People think I'm stupid because I have a sense of humor and am friendly. They also assume I'm a push over. 

I'm not smart enough to be labeled a nerd, even though I read, make computer videos, go to Sci Fi conventions and know every Star Trek, Star Wars, Dr. Who, Monty Python and Babylon 5 episode. 

I also get stereotyped in a good way because people think librarians just read and help people. I literally have to show them I'm not the way they think I am..........I like to help people, but I'm not the glasses wearing, bun wearing, tweed sweater wearing, saddle oxford wearing librarian. Far from it!! When you've been a counselor in the juvenile delinquency field and a Kindergarten teacher, you don't wear tweed.

----------


## meeps

weird and quiet






> -Parents stereotype me as a "whore" or a "slut" because of how my body looks (i.e. big breasts, wide hips, bit of a big butt); the rest of the family thinks it's weird I look like that as well.



quality family you got there

----------


## Chantellabella

> weird and quiet
> 
> 
> 
> quality family you got there



Yeah, I thought the same thing. I'm sorry your parent treats you that way, SmileyFace. They lie. You're neither of those things and never were.

----------


## Heelsbythebridge

Hm... Well I'm from Vancouver. I guess other Canadians might think I'm a pot-smoking hippie who does yoga and hates Toronto. I'm none of these things.

----------


## Skippy

> Hm... Well I'm from Vancouver. I guess other Canadians might think I'm a pot-smoking hippie who does yoga and hates Toronto. I'm none of these things.



LOLLLLLZZZ.  :XD:  I always thought it was more Alberta that hates Toronto n' no idea why. BC seemed to me as laid back as pot smoking hippies despite ever seeing the literal. Albertans have to be some of the most close minded, rednecks I've seen in Canada. They have to judge an fight with everyone and have this north/south mentality like Edmonton hates Calgary and vice versa or Alberta hates Toronto. It's so petty and childish.


As for me, people seem to have this tendancy to think the wrong things based on my personality.
I'm thought to be hyper and silly and never serious and a bit of a pushover too, cept such people only see me in 'fun mode' so they come
to that conclusion. A lotta people never really get to know me fully but those tho did can attest otherwise, that it's only one aspect.
I dunno why people have too be 'this' or 'that' anyway. I respond to the world based on the situation n' what not.

----------


## IllusionOfHappiness

> I dunno why people have too be 'this' or 'that' anyway. I respond to the world based on the situation n' what not.

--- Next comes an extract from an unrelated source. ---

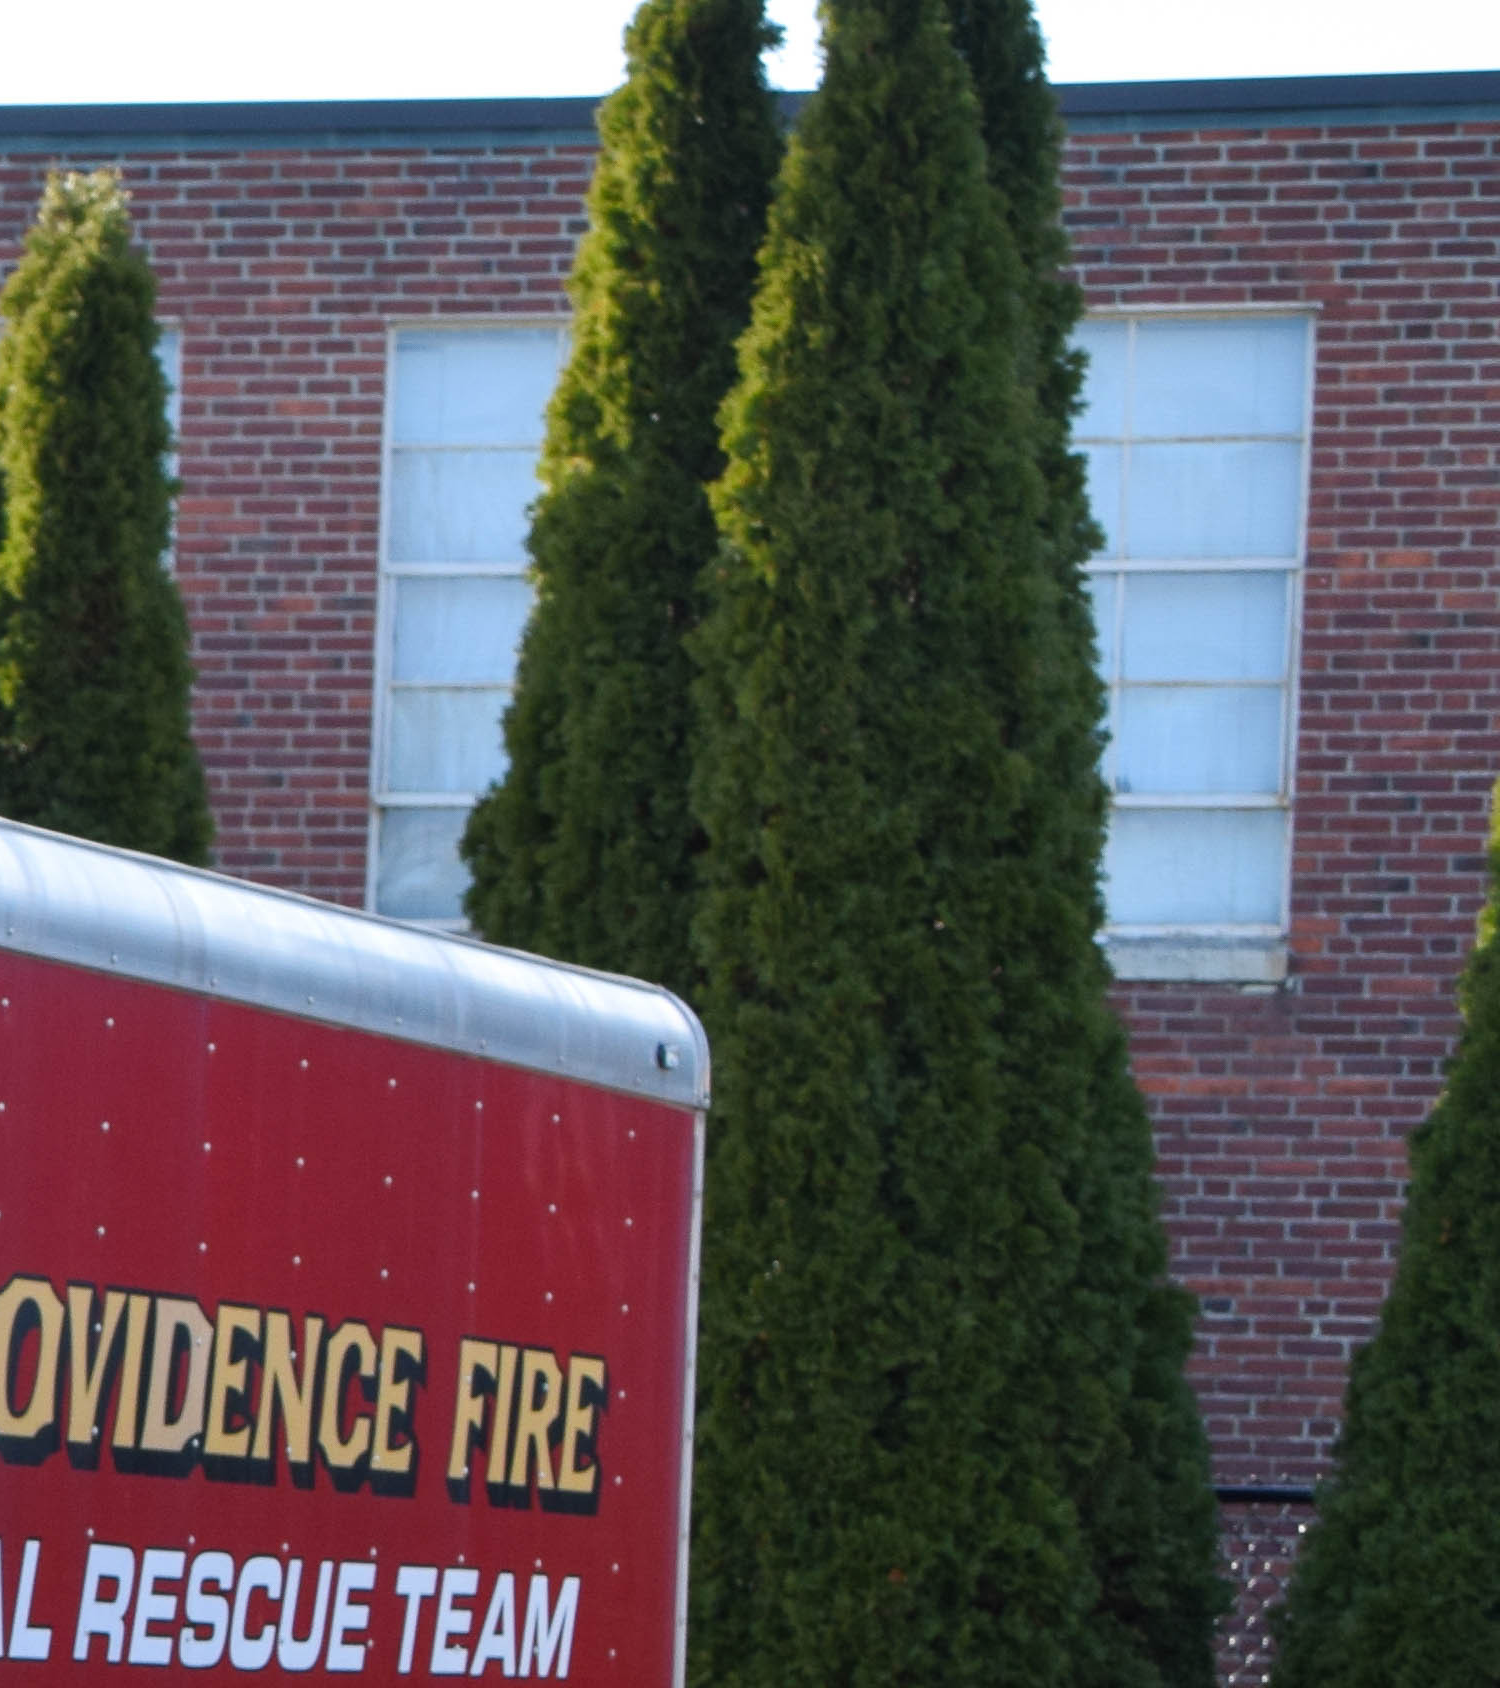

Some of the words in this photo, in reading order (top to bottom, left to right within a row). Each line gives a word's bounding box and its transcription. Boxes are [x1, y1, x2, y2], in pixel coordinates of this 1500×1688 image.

[446, 1335, 609, 1516] FIRE
[72, 1542, 377, 1673] RESCUE
[395, 1565, 580, 1680] TEAM
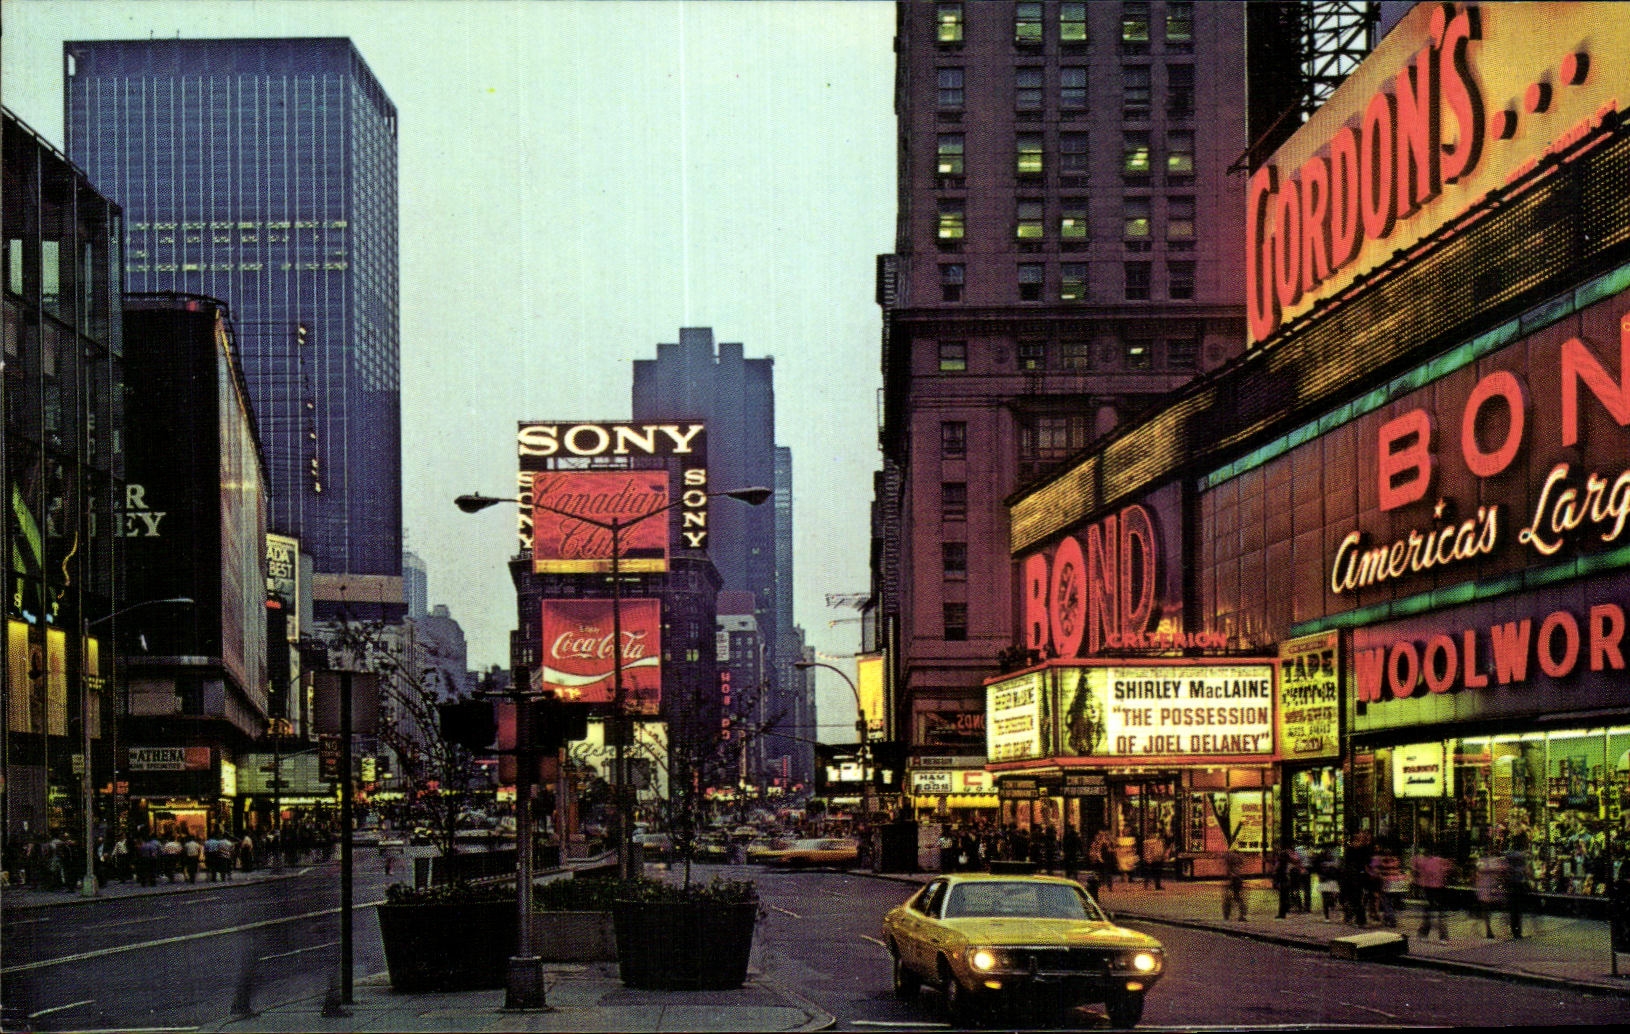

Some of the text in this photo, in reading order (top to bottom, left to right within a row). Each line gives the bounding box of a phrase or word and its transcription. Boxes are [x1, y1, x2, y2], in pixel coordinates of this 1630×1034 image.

Great point, Skippy. I can be any number of things depending on the circumstances. I'm not sure what people stereotype me as. Probably just boring and quiet.

----------


## Keddy

^It is a good point indeed. I wish people didn't see a need to stereotype each other at all. The number of things I've been called in my life, and the number of which are entirely false... It's just sad. And even one person can be perceived in many completely different ways by other people.
I know it's too much to ask for society to just treat each other with respect and not make assumptions, but the world would be a much better place if everyone were open-minded.

----------


## Rawr

Back in my school days I was stereotyped Goth/Emo a lot cause I tried so hard to be. Now I'm not really stereotyped anything but average or awkward. Sometimes I'm stereotyped snobby though cause I don't talk much to people that don't interest me.  :Ninja: 

OH! Lets not forget my disorder that people throw in my face constantly. *BIPOLAR*.

----------


## Koalafan

> Great point, Skippy. I can be any number of things depending on the circumstances. I'm not sure what people stereotype me as. Probably just *boring and quiet.*



Samesies  ::(:

----------


## Heelsbythebridge

How I stereotype:

1. Person from Toronto- Stiff, stick-up-the-butt, cynical, business-oriented, go go go mentality. (Not necessarily a bad thing).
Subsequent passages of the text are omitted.